PROBLEM ▸
May I please have every record restated word for word, with the images left out?

────────────────

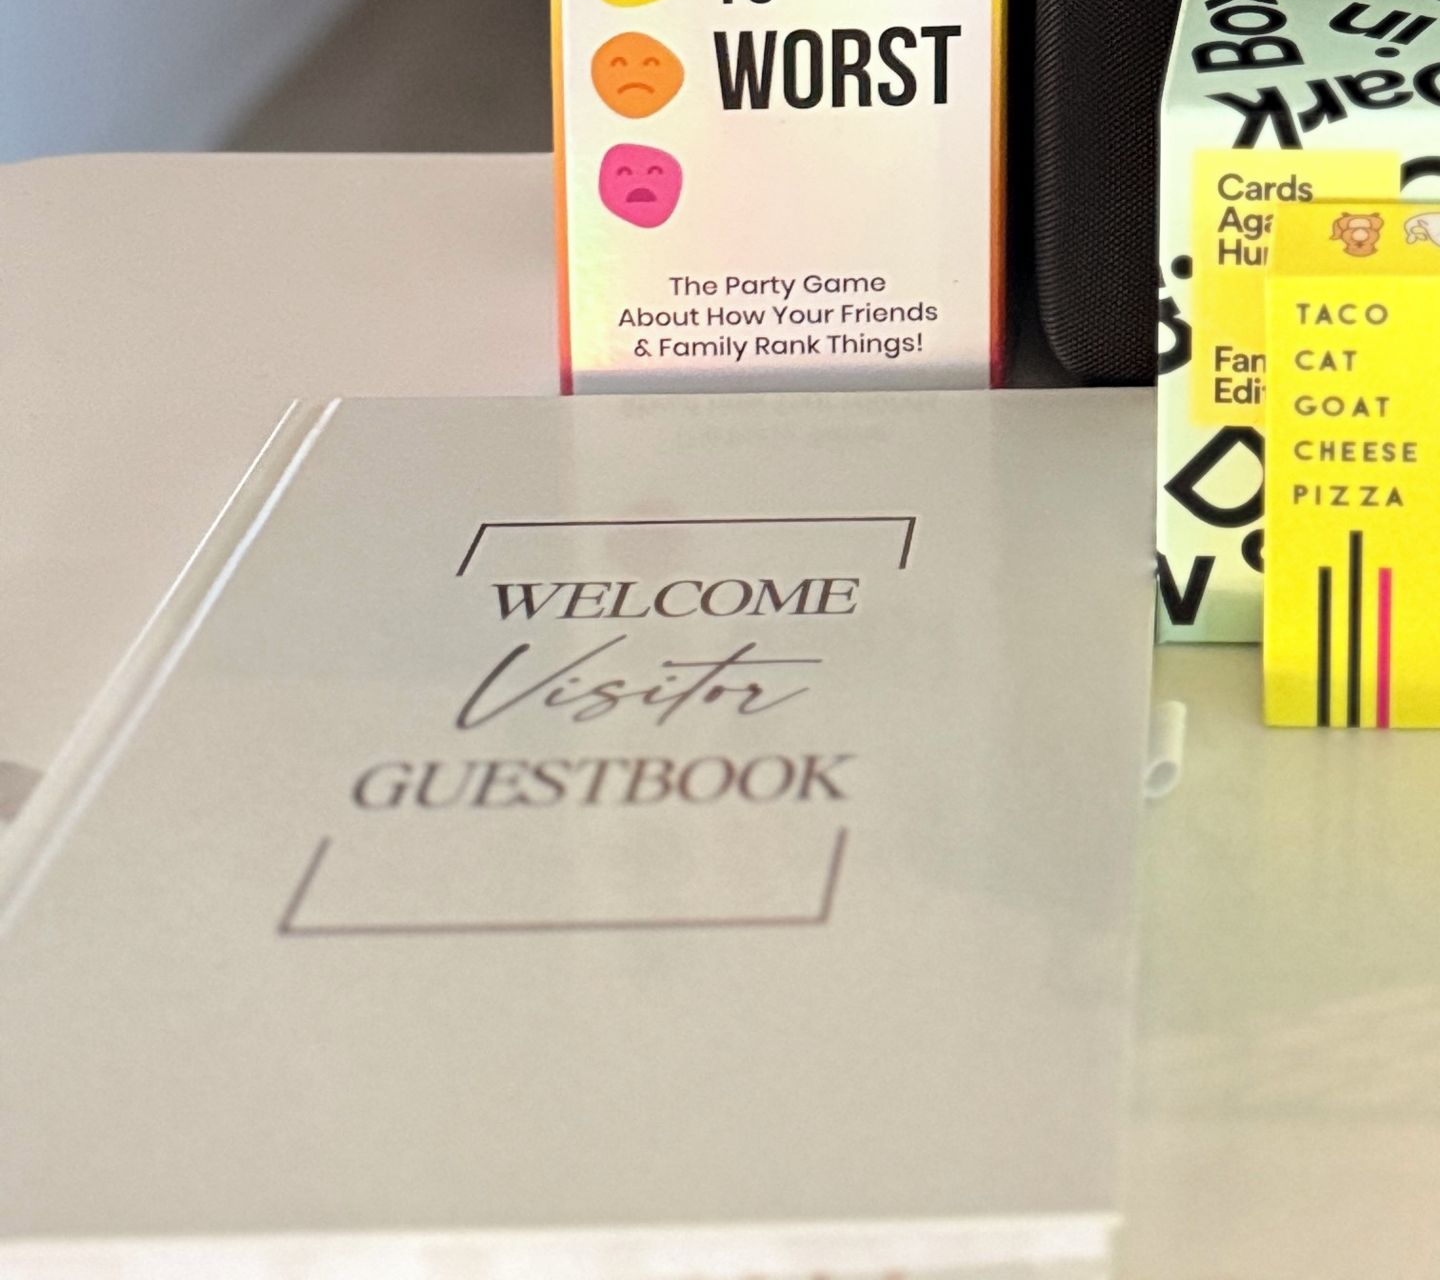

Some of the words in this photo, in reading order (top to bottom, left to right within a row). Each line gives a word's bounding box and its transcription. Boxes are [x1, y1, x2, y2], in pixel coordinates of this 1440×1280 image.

[713, 25, 962, 111] WORST
[1217, 173, 1313, 202] Cards
[669, 276, 718, 296] The
[725, 276, 796, 300] Party
[803, 274, 887, 294] Game
[618, 307, 700, 328] About
[707, 306, 765, 327] How
[772, 304, 834, 325] Your
[841, 301, 938, 322] Friends
[1296, 303, 1388, 326] TACO
[633, 338, 653, 357] &
[659, 336, 748, 362] Family
[755, 335, 820, 356] Rank
[827, 332, 923, 359] Things!
[1294, 349, 1358, 372] CAT
[1294, 395, 1390, 418] GOAT
[1294, 440, 1418, 463] CHEESE
[1293, 484, 1404, 507] PIZZA
[492, 577, 860, 621] WELCOME
[456, 634, 823, 730] Visitor
[351, 751, 857, 811] GUESTBOOK

────────────────

RESPONSE AREA ▸
Some of the words in this photo, in reading order (top to bottom, left to right within a row). Each line gives a word's bounding box and its transcription. Boxes are [x1, y1, x2, y2], in pixel coordinates of this 1440×1280 image.

[713, 25, 962, 111] WORST
[1217, 173, 1313, 202] Cards
[669, 276, 718, 296] The
[725, 276, 796, 300] Party
[803, 274, 887, 294] Game
[618, 307, 700, 328] About
[707, 306, 765, 327] How
[772, 304, 834, 325] Your
[841, 301, 938, 322] Friends
[1296, 303, 1388, 326] TACO
[633, 338, 653, 357] &
[659, 336, 748, 362] Family
[755, 335, 820, 356] Rank
[827, 332, 923, 359] Things!
[1294, 349, 1358, 372] CAT
[1294, 395, 1390, 418] GOAT
[1294, 440, 1418, 463] CHEESE
[1293, 484, 1404, 507] PIZZA
[492, 577, 860, 621] WELCOME
[456, 634, 823, 730] Visitor
[351, 751, 857, 811] GUESTBOOK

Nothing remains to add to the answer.